**Task details**
What lines of the listing below contain the word "OGIYOUNG"? Copy each of them out.

**Material for the task**
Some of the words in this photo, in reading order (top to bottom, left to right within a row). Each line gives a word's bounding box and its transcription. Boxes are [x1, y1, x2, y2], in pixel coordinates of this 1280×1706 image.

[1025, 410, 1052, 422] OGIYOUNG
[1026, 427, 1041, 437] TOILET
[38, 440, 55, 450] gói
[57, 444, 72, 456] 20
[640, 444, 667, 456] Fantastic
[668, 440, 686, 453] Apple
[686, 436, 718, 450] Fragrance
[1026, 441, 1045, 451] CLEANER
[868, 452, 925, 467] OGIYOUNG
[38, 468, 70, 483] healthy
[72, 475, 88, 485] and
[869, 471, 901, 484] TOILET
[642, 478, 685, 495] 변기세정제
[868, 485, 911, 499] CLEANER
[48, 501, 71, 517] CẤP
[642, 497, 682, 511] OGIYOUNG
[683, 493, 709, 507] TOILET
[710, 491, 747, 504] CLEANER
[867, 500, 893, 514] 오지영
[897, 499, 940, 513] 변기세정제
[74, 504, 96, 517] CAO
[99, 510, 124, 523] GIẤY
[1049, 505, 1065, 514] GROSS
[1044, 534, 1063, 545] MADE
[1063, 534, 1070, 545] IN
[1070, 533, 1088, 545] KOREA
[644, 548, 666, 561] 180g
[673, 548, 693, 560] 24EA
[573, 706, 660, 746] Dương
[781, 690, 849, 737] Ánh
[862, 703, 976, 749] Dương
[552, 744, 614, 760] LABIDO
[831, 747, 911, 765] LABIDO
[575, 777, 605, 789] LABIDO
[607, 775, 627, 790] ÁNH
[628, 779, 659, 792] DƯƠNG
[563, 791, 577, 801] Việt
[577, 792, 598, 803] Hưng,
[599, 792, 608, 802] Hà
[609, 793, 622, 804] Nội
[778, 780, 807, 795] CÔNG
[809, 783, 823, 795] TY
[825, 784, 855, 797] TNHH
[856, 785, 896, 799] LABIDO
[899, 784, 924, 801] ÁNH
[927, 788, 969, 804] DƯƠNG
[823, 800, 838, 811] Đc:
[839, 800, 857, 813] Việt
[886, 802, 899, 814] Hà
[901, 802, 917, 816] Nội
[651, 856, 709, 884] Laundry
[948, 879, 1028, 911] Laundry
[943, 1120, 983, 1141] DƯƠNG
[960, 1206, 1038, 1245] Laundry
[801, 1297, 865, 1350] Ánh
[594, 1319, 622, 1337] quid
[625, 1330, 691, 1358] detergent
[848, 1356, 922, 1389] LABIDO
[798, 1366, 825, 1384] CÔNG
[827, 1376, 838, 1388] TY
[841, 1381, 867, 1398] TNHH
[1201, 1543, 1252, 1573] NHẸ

**Result**
[1025, 410, 1052, 422] OGIYOUNG
[868, 452, 925, 467] OGIYOUNG
[642, 497, 682, 511] OGIYOUNG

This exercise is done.